=== Data supplied ===
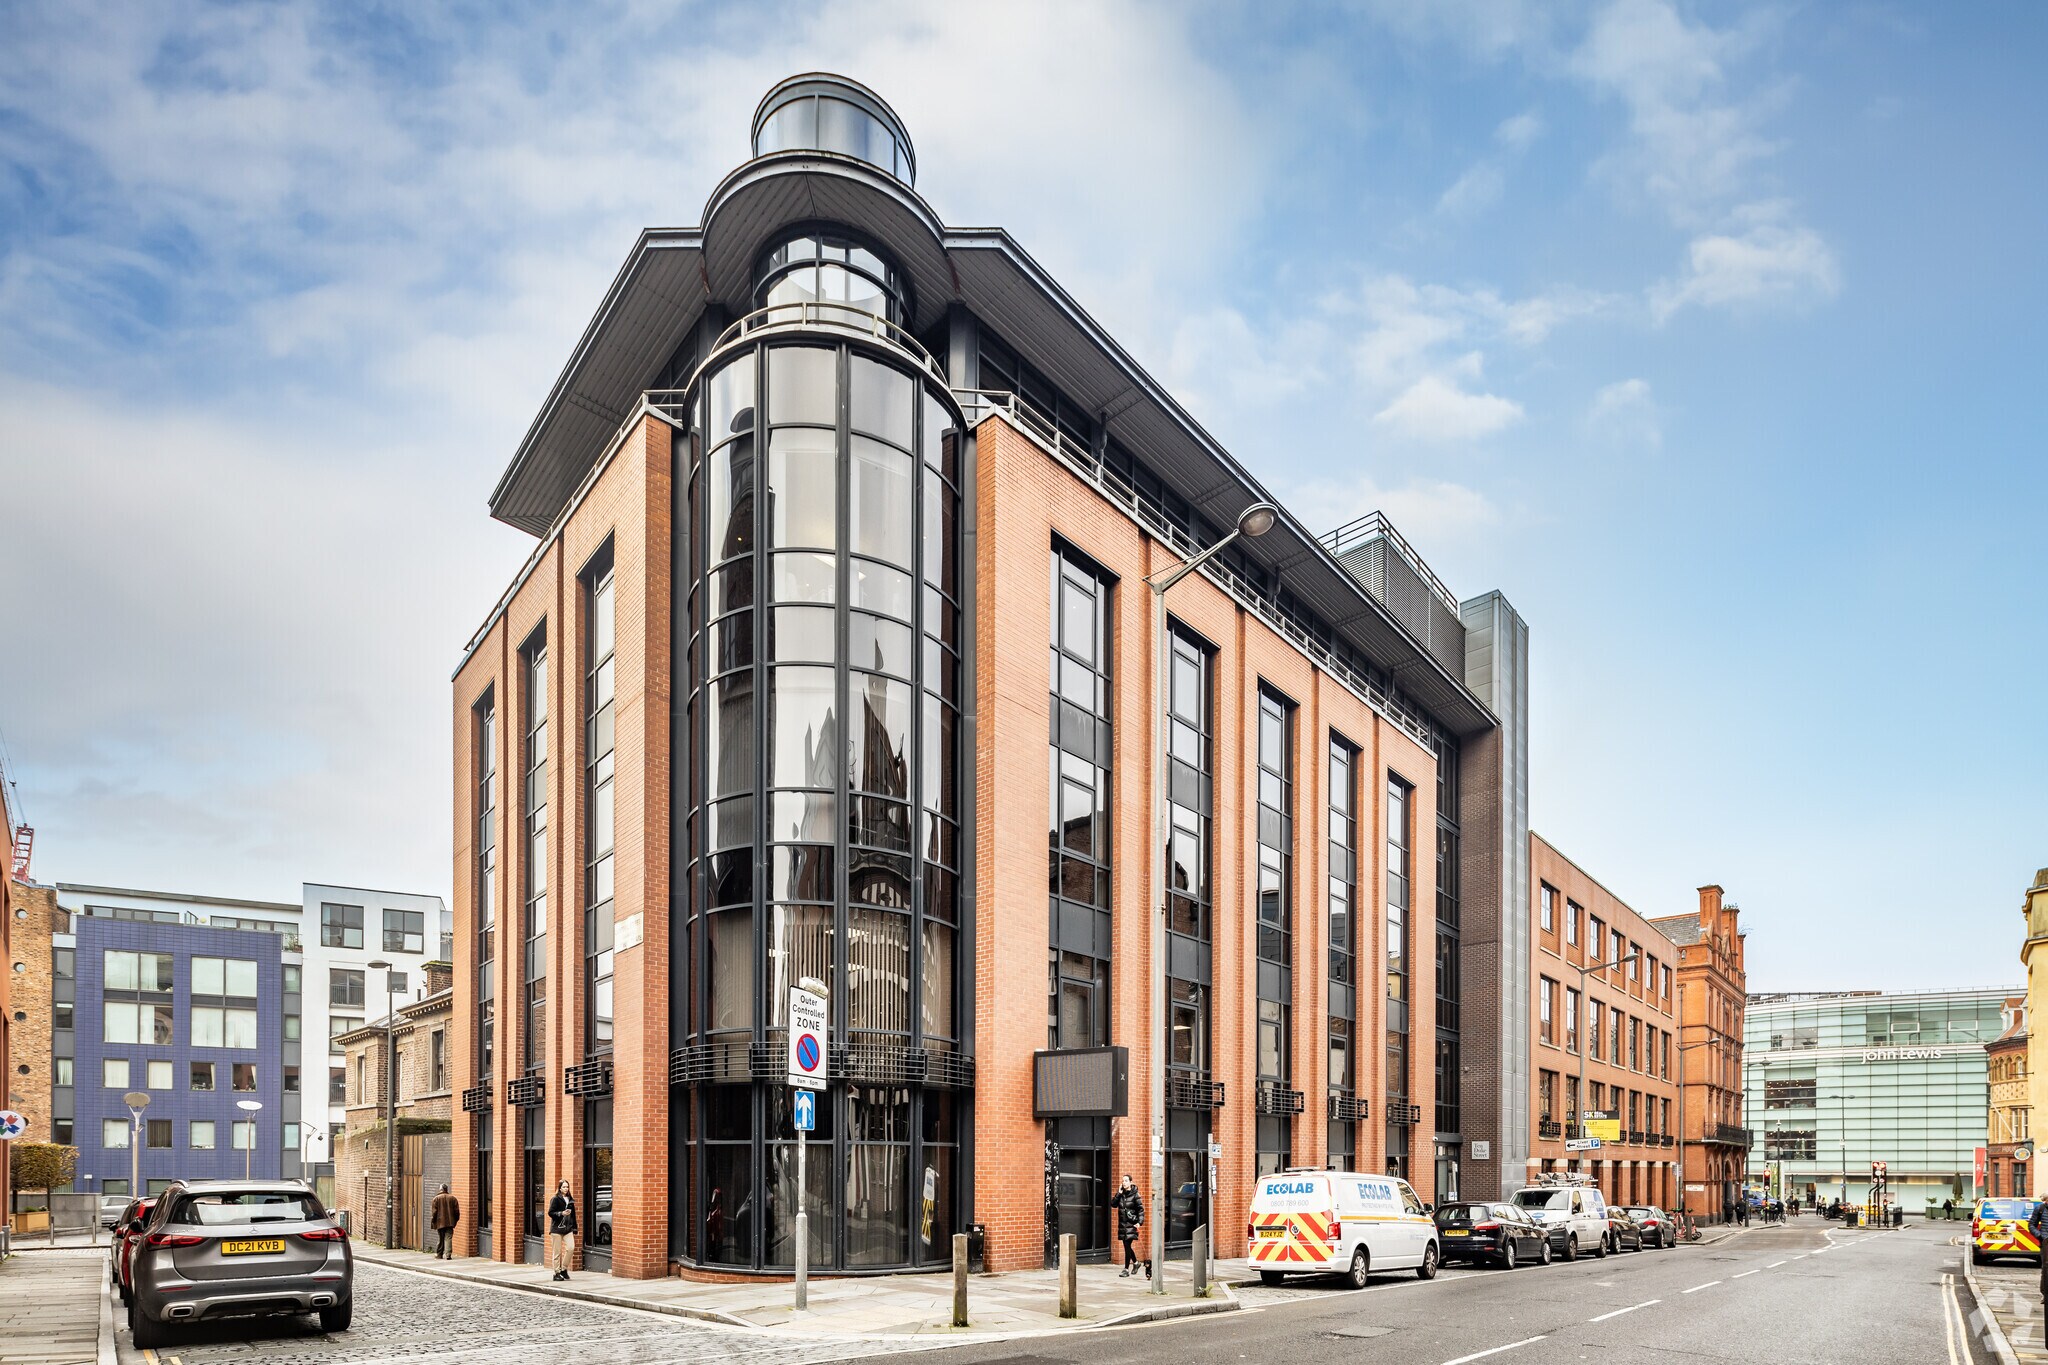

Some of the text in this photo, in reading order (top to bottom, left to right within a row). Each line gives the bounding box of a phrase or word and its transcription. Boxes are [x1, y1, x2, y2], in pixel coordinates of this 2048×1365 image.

[800, 994, 818, 1006] Outer
[792, 1003, 825, 1019] Controlled
[797, 1017, 820, 1031] ZONE
[1861, 1046, 1942, 1064] John Lewis
[1266, 1183, 1314, 1195] ECOLAB
[1357, 1183, 1392, 1200] ECOLAB
[229, 1241, 279, 1252] DC21 KVB
===
• Problem to work on: Please return the records as they stand, word for word, with no pictures.

• Answer for this exercise:
Some of the text in this photo, in reading order (top to bottom, left to right within a row). Each line gives the bounding box of a phrase or word and its transcription. Boxes are [x1, y1, x2, y2], in pixel coordinates of this 2048×1365 image.

[800, 994, 818, 1006] Outer
[792, 1003, 825, 1019] Controlled
[797, 1017, 820, 1031] ZONE
[1861, 1046, 1942, 1064] John Lewis
[1266, 1183, 1314, 1195] ECOLAB
[1357, 1183, 1392, 1200] ECOLAB
[229, 1241, 279, 1252] DC21 KVB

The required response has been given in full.